(Free-text object descriptions)
____
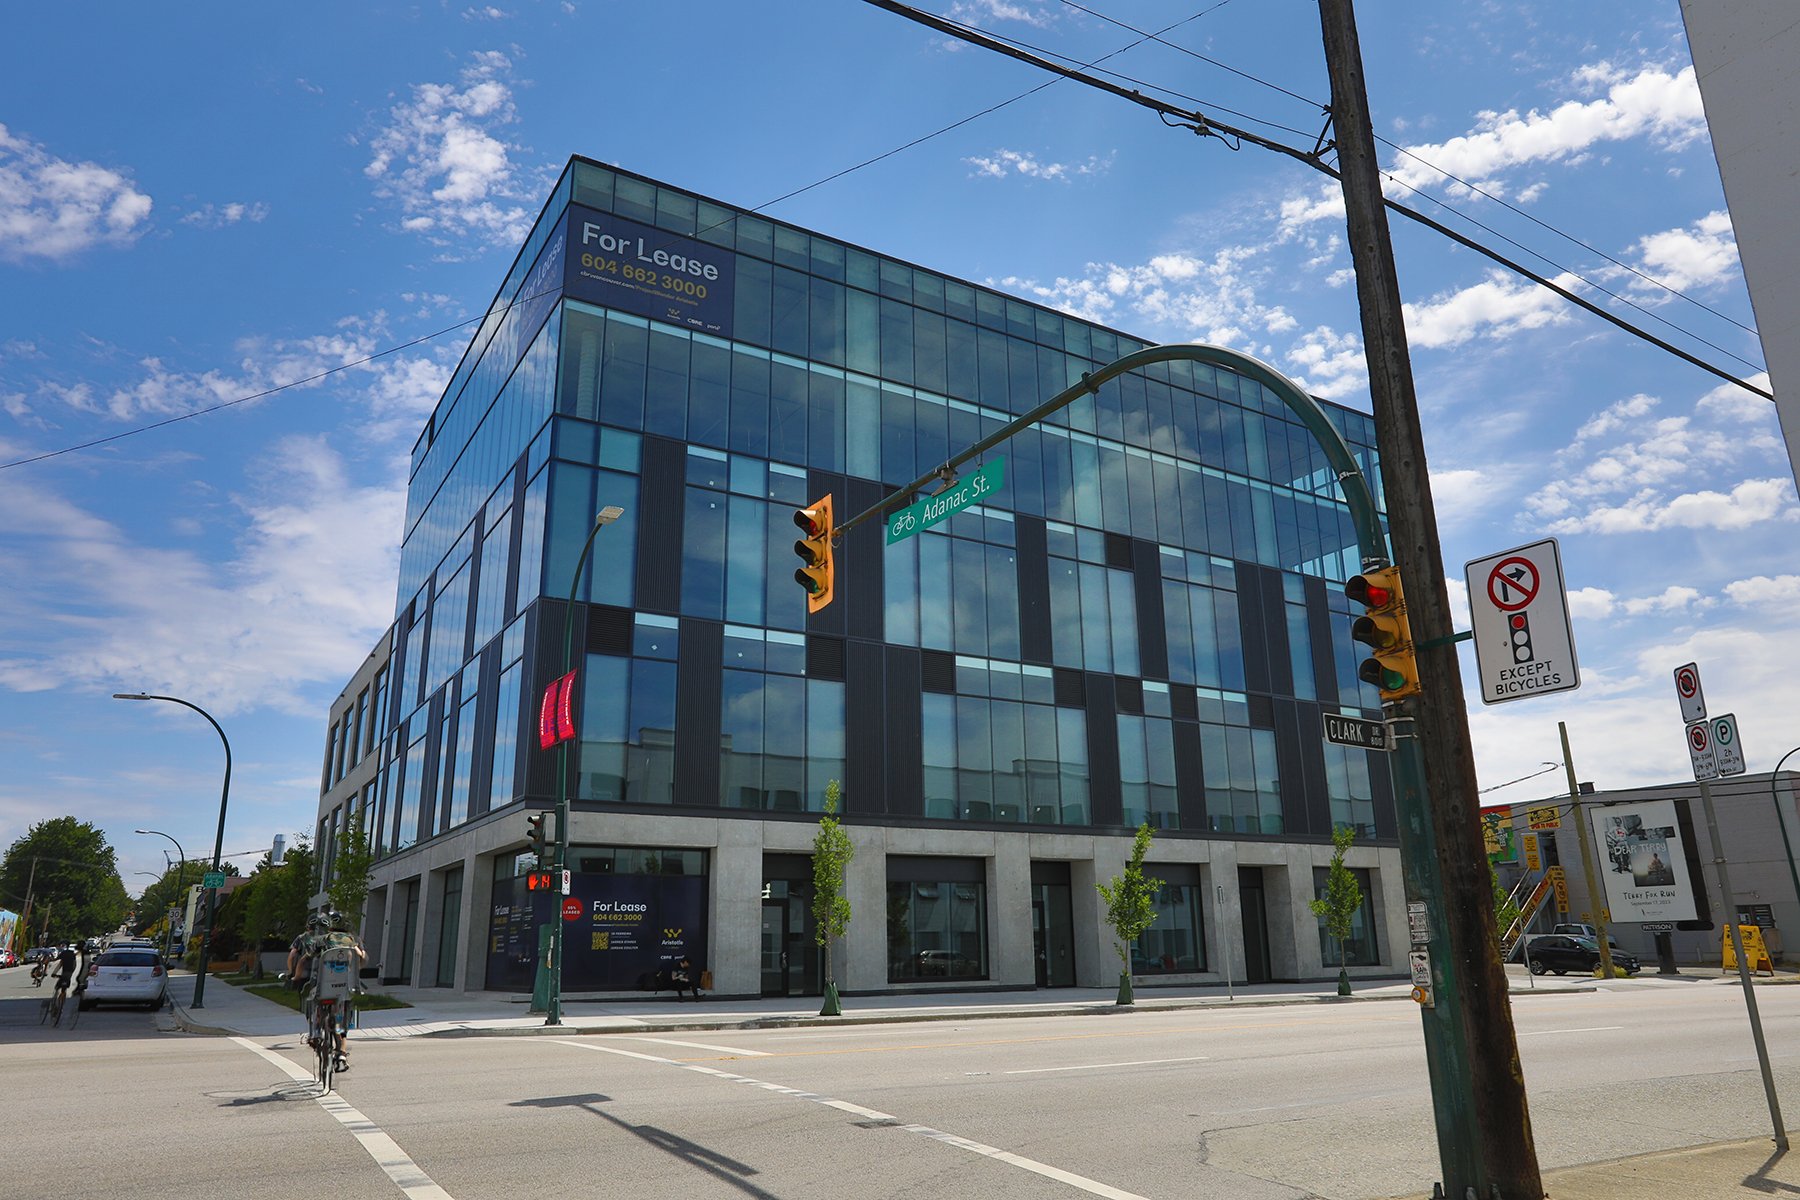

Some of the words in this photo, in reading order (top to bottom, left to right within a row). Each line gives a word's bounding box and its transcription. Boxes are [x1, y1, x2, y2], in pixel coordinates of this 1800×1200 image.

[582, 221, 630, 255] For
[637, 237, 719, 281] Lease
[581, 253, 618, 274] 604
[622, 264, 657, 286] 662
[661, 274, 707, 299] 3000
[922, 488, 968, 524] Adanac
[972, 475, 990, 498] St.
[1500, 660, 1552, 681] EXCEPT
[1496, 673, 1562, 695] BICYCLES
[1330, 719, 1365, 743] CLARK
[1719, 725, 1729, 741] P
[1613, 844, 1637, 856] DEAR
[1638, 842, 1666, 853] TERRY
[593, 900, 612, 911] For
[614, 900, 647, 911] Lease
[1623, 891, 1643, 900] TERRY
[1660, 890, 1676, 898] RUN
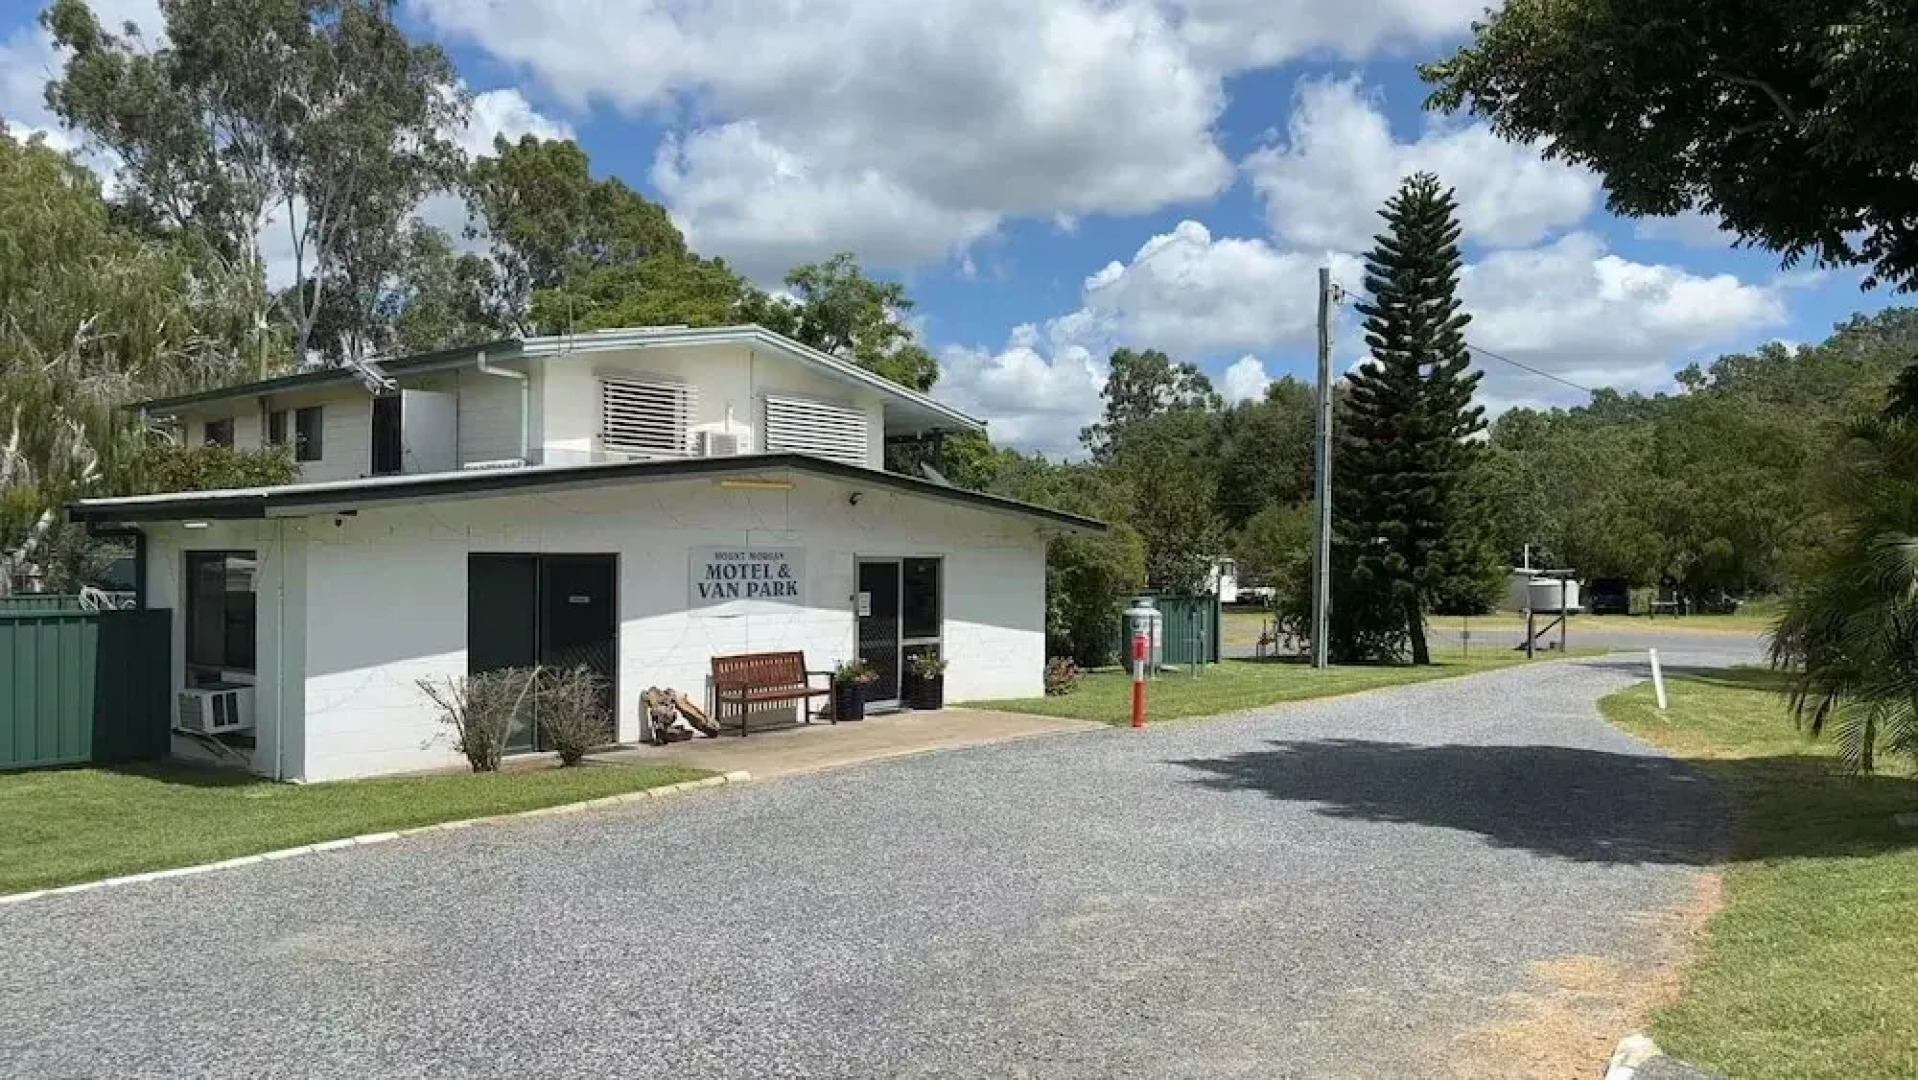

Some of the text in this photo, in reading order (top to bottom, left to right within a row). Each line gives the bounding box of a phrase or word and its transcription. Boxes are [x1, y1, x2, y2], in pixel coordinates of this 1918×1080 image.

[705, 564, 791, 579] MOTEL &
[697, 581, 798, 599] VAN PARK
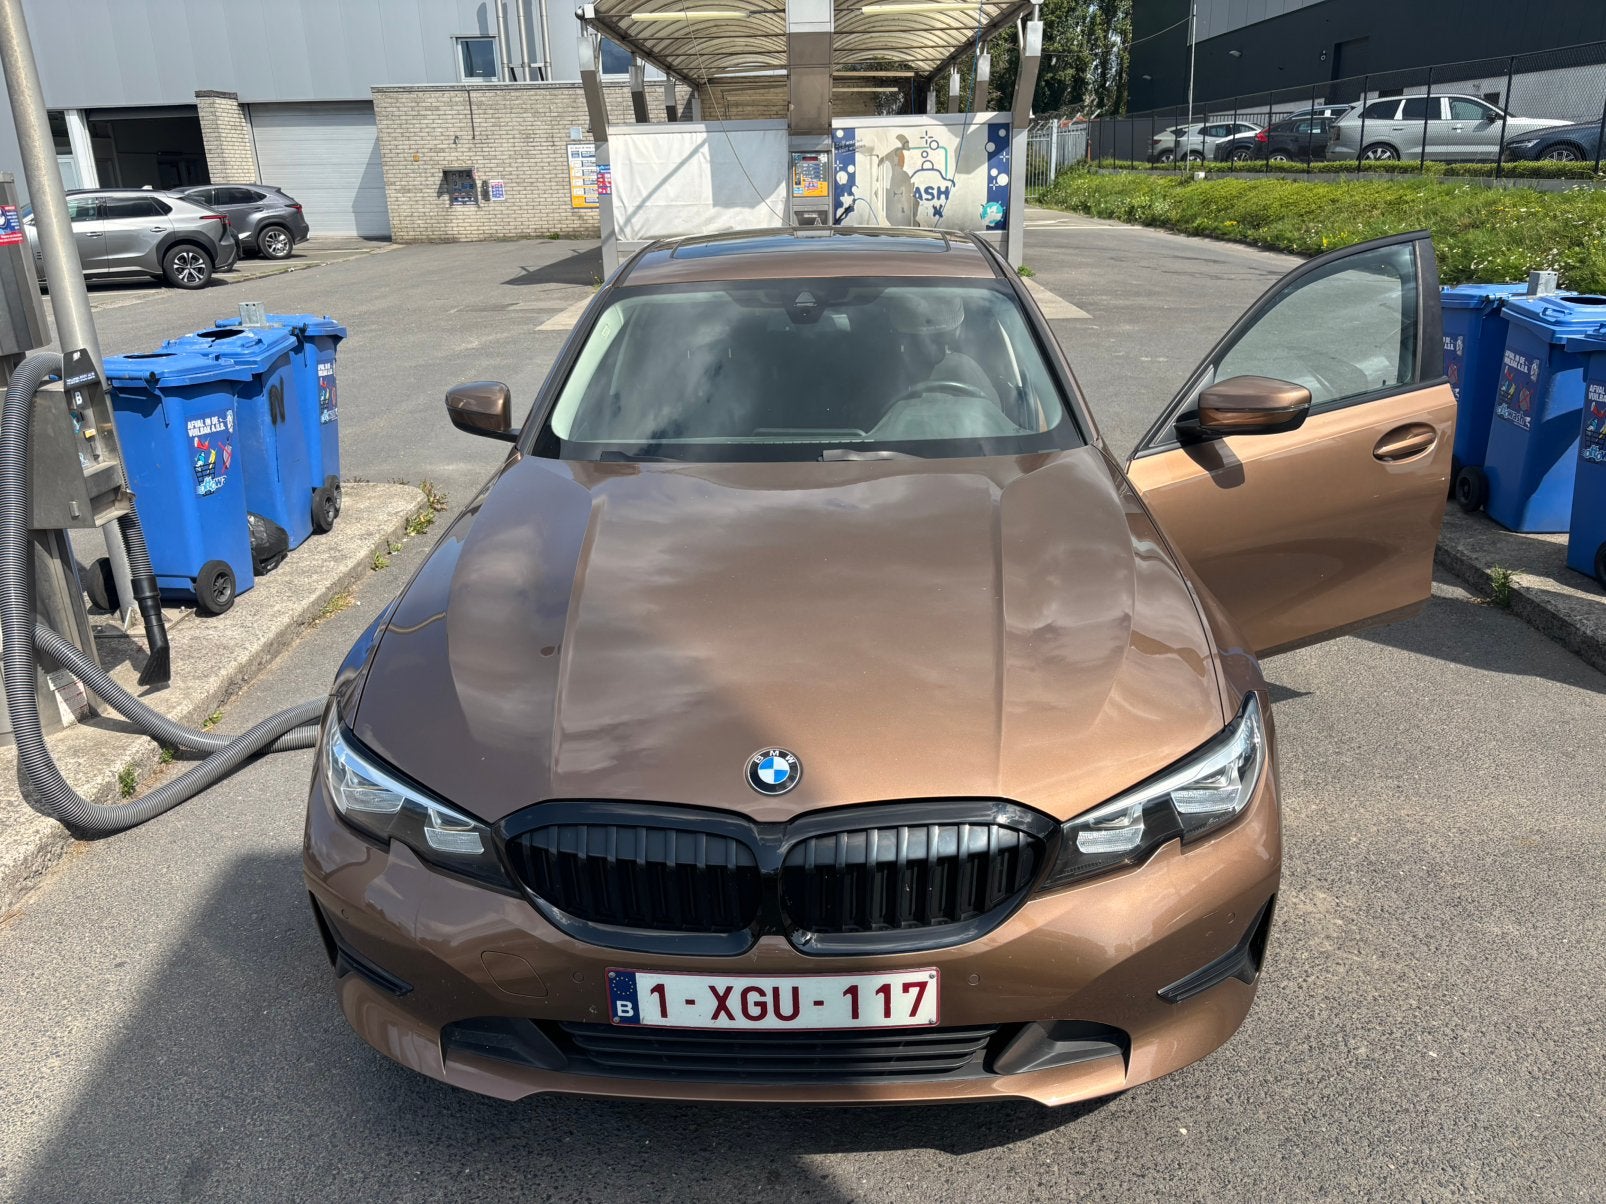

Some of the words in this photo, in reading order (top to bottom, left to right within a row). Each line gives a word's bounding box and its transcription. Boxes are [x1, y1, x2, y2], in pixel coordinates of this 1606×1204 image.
____
ACTION ITEM
In the entries above, find the line containing "Some of the text", then please retype it and every line after it through the last, exactly as written, omitting pictures.

EXPECTED OUTPUT
Some of the text in this photo, in reading order (top to bottom, left to right within a row). Each line gives the bounding box of a phrase or word and its transcription. Boxes are [x1, y1, x2, y2], in pixel coordinates of this 1918×1080 image.

[705, 564, 791, 579] MOTEL &
[697, 581, 798, 599] VAN PARK

Some of the words in this photo, in reading order (top to bottom, left to right within a row). Each line gives a word's bounding box and its transcription. Boxes are [x1, y1, x2, y2], in pixel coordinates of this 1606×1204 image.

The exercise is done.